--- START ---

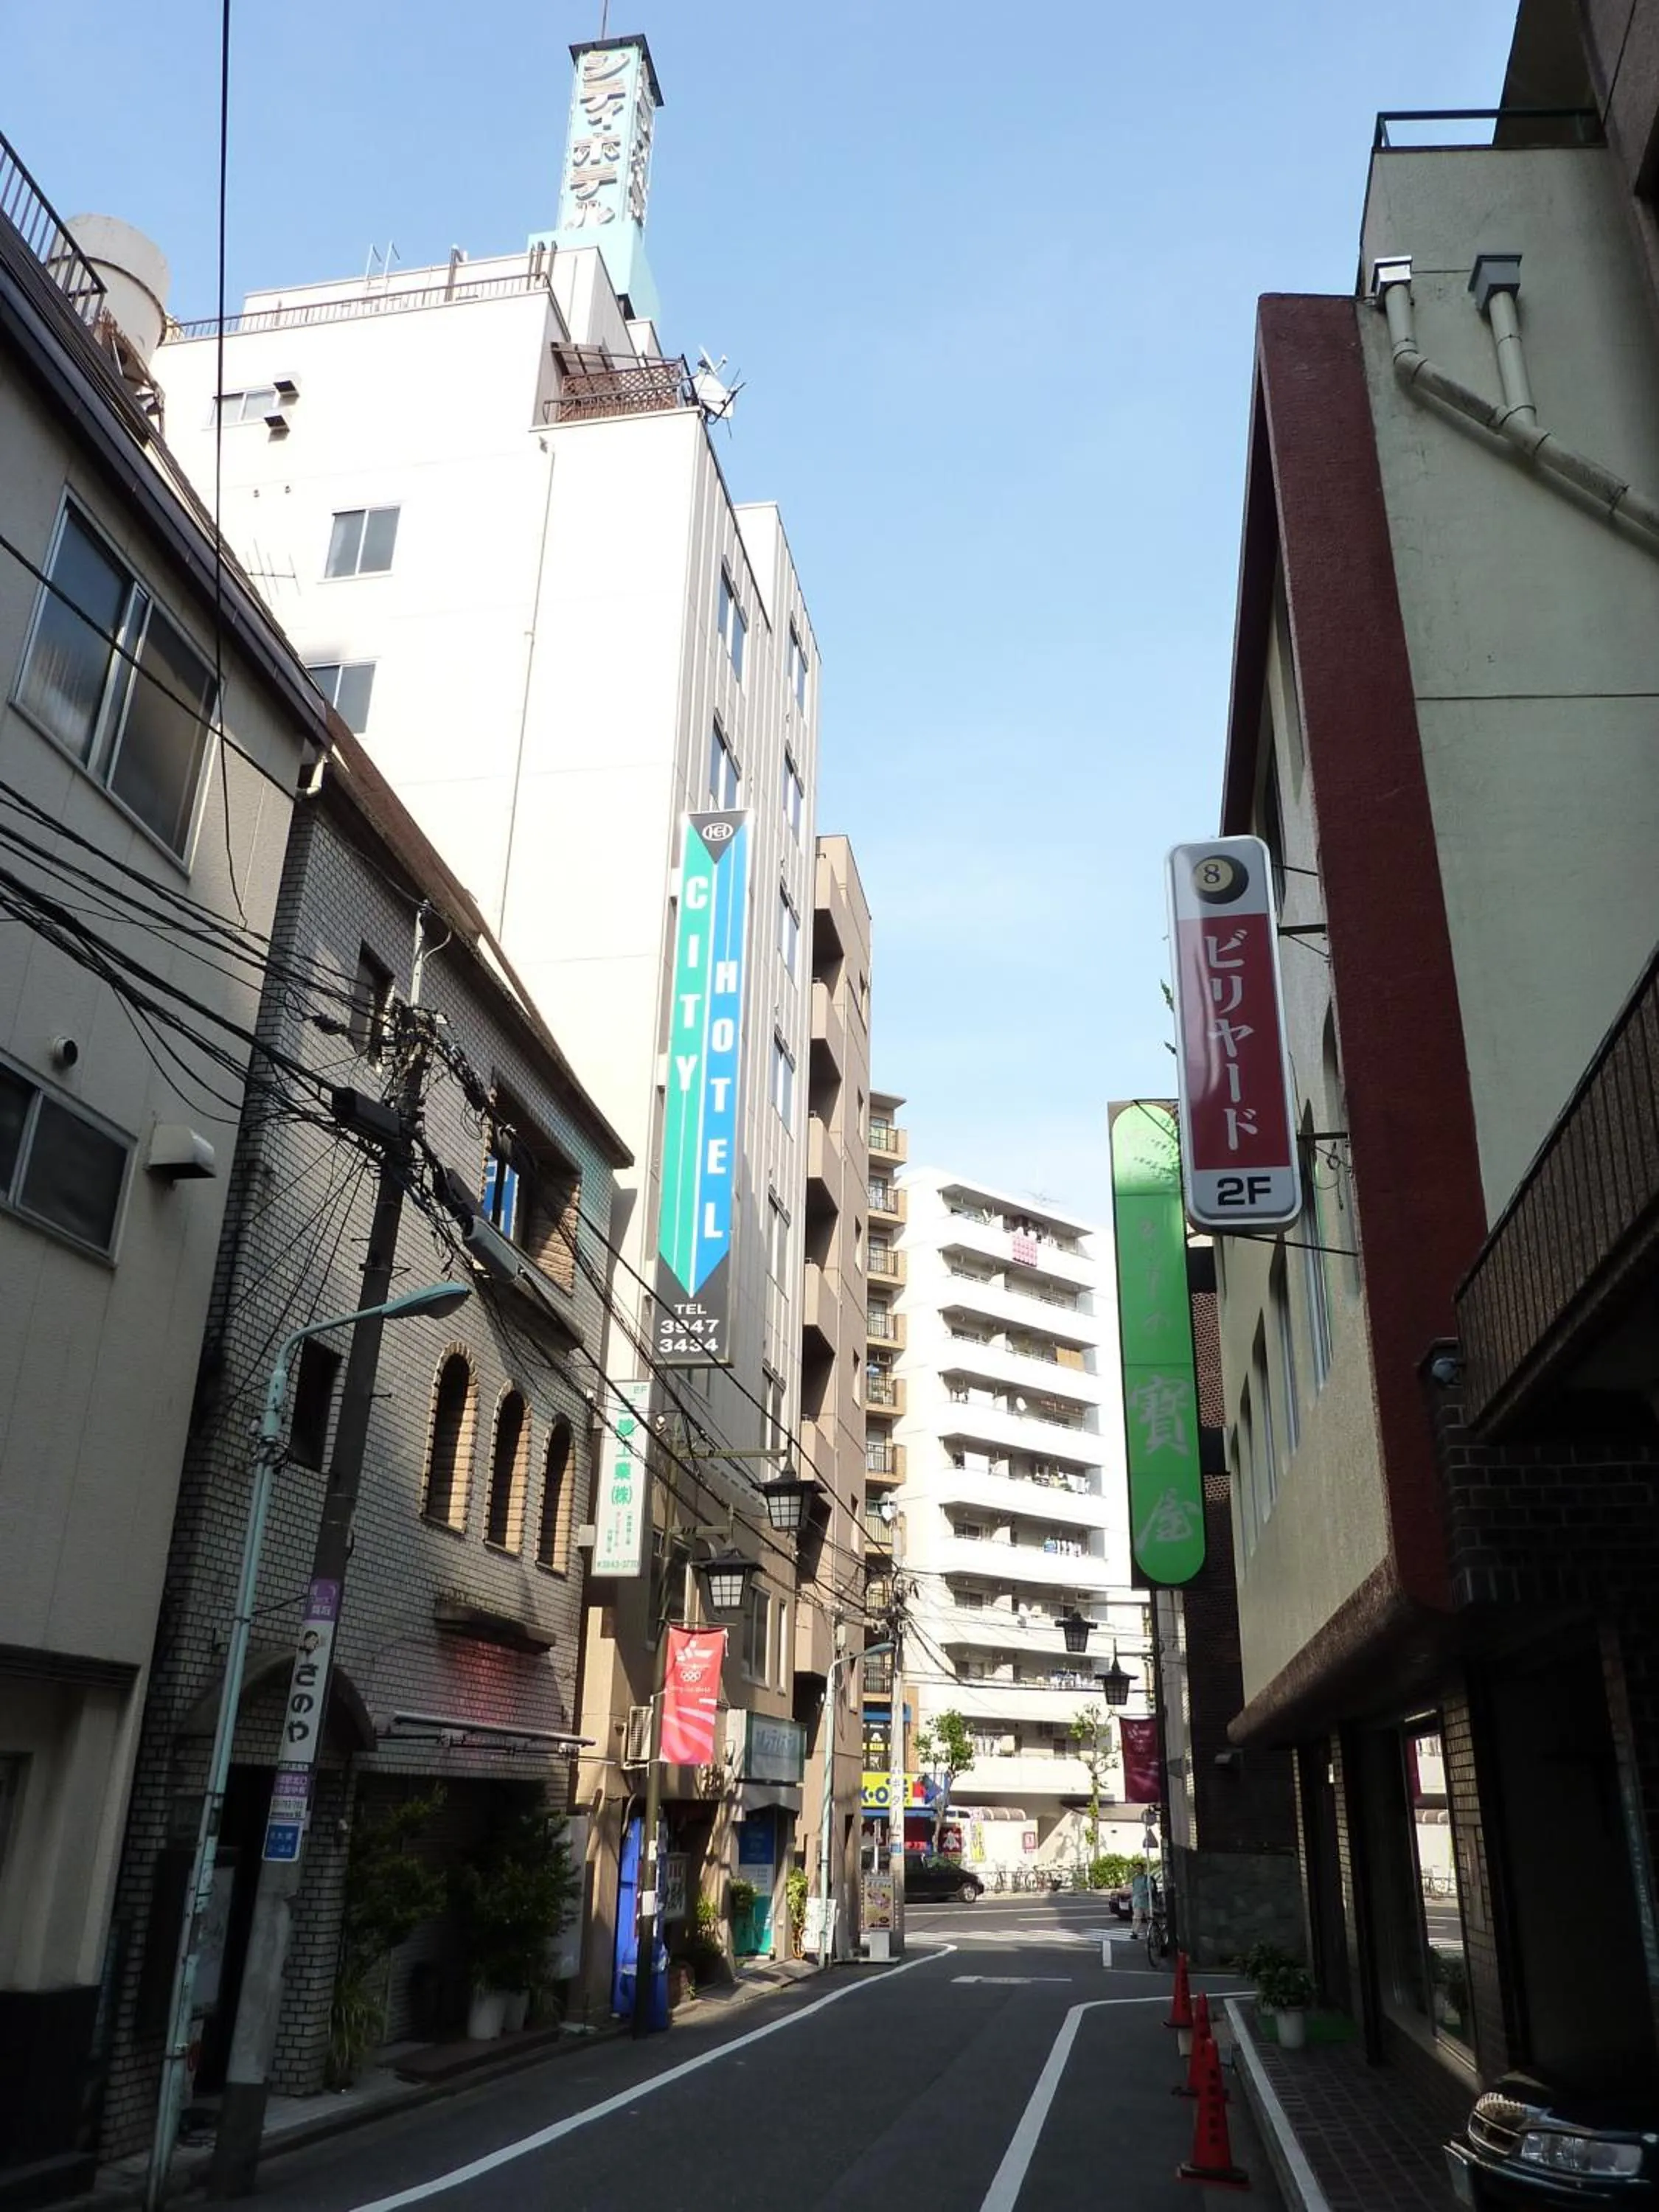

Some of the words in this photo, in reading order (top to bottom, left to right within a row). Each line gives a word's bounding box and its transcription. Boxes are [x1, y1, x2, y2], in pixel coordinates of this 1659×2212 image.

[565, 52, 632, 232] シティホテル
[1202, 863, 1220, 884] 8
[675, 875, 709, 1091] CITY
[1206, 928, 1258, 1152] ビリヤード
[703, 960, 738, 1239] HOTEL
[1217, 1175, 1272, 1206] 2F
[674, 1304, 707, 1315] TEL
[660, 1318, 720, 1335] 3947
[659, 1338, 719, 1353] 3434

--- END ---

**Work to be completed**
Could you restate every entry above word for word, leaving out the pictures?

**Answer to this exercise**
Some of the words in this photo, in reading order (top to bottom, left to right within a row). Each line gives a word's bounding box and its transcription. Boxes are [x1, y1, x2, y2], in pixel coordinates of this 1659×2212 image.

[565, 52, 632, 232] シティホテル
[1202, 863, 1220, 884] 8
[675, 875, 709, 1091] CITY
[1206, 928, 1258, 1152] ビリヤード
[703, 960, 738, 1239] HOTEL
[1217, 1175, 1272, 1206] 2F
[674, 1304, 707, 1315] TEL
[660, 1318, 720, 1335] 3947
[659, 1338, 719, 1353] 3434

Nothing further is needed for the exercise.